One thing I already noticed is that everything is very technical. Everything is in a text file and accessed via terminal. I like that, but it’s just different.
Also, there’s no way to just learn one thing, no. You have to work yourself into many tools all at once, which is super frightening, but interesting.
First off all, I need your choice of packages to make it a fully functional desktop.
Right now, I use Niri, for now in a VM, which comes with a few basic things out of the box, like portals, and additional stuff, like some packages from Sway.
But basically everything else, like bars, decoration, and more, is not preinstalled.
When you use it the first time, it’s very barebones and no eye candy by default.
I would like to hear what “essential” stuff, and what “Because I like it”-stuff you suggest.
Maybe differentiate it with “I personally use it” and “You and everyone else should use that, it should be a default.”
Personally, I would like to have:
^(£ = nice to have; ¥ = basic functionality)
- ¥ A bar, like
waybar
- £
KDE-Connect
: does that work on TWMs? Is there a good implementation? Can I use GSConnect elsewhere too? - ¥ A good global search tool like KRunner or the one from Gnome
- ¥ Clipboard manager
- £ Wallpaper switcher
- £ Eye candy in general, e.g. dotfiles (those are the settings for each element, like the bar, right?)

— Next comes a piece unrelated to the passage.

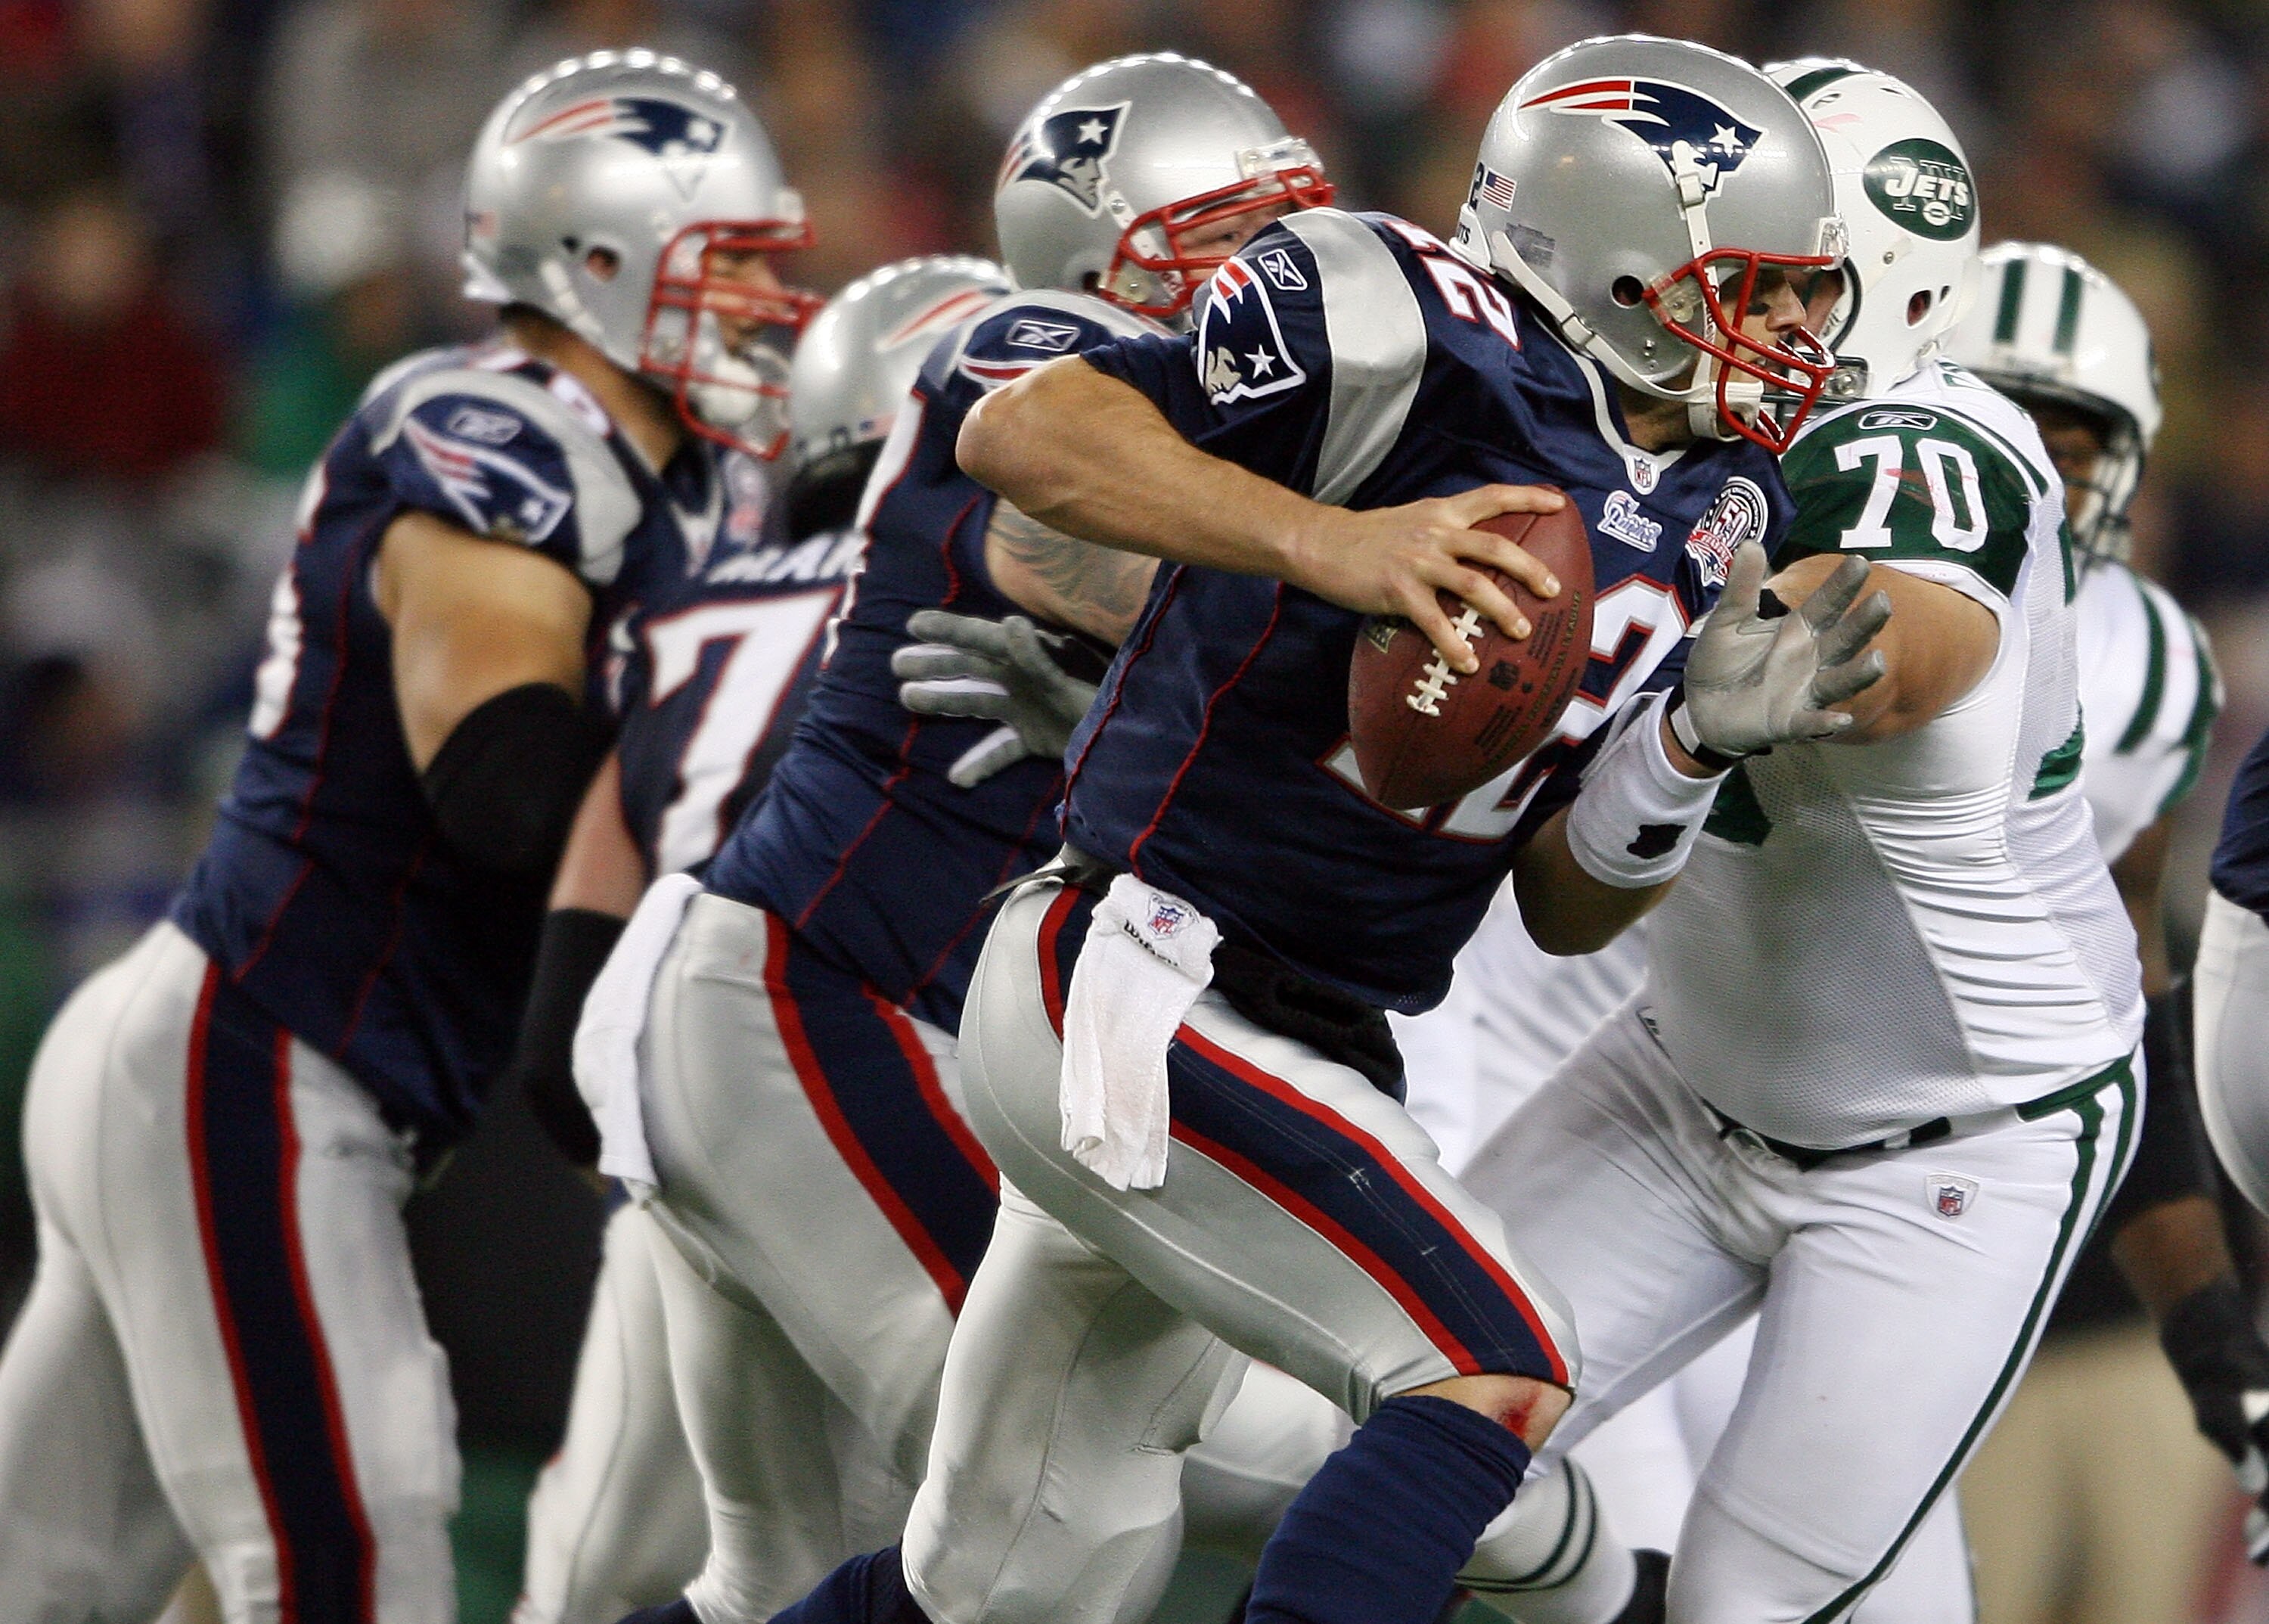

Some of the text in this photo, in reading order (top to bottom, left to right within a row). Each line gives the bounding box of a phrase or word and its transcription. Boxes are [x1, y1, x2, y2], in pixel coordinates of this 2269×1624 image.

[1884, 165, 1969, 206] JETS
[1834, 434, 1988, 554] 70
[643, 583, 846, 876] 7
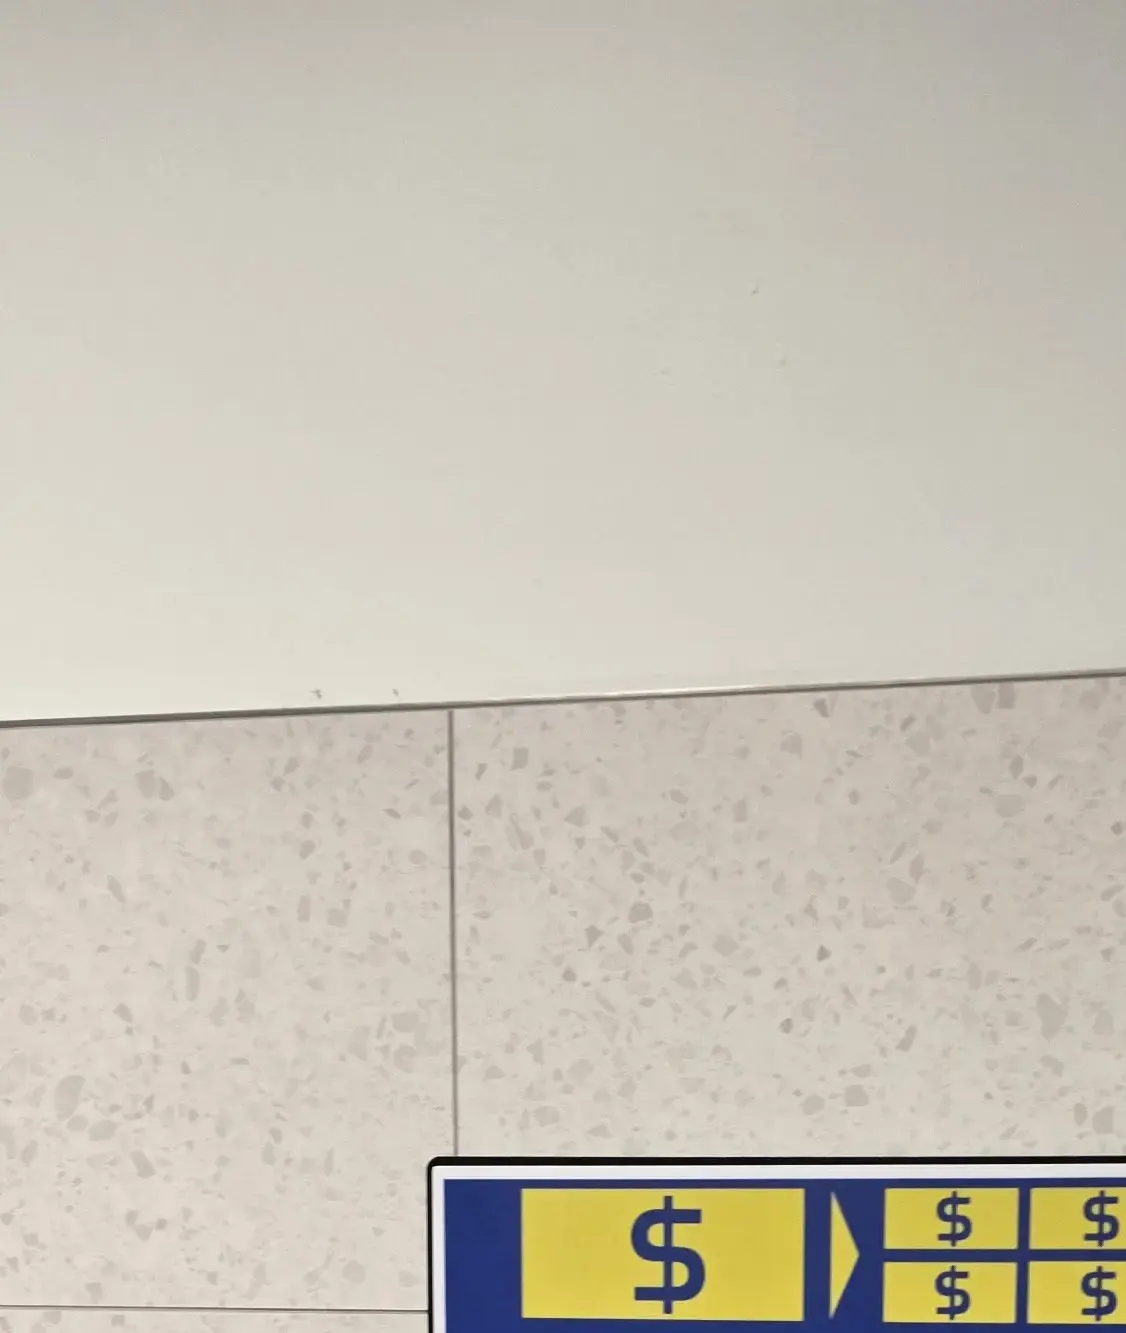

- More things will be added later :)
Also, do you have any tips for a total noob in that topic?
Any things you regretted when you started and now wish others to avoid?
General usage tips for someone who only used full fletched DEs until now?
And, most importantly, do you have any resources where I can read/ watch more into for the future?
Sure, the readme.md
on the projects’ page is the best information for that specifically, especially technical stuff, but I don’t know where to get more general information, like discussions, comparisons, and more. The only example I can think of is !unixporn@lemmy.ml for inspiration, but not much more.
Do you have any blogs or threads you can recommend?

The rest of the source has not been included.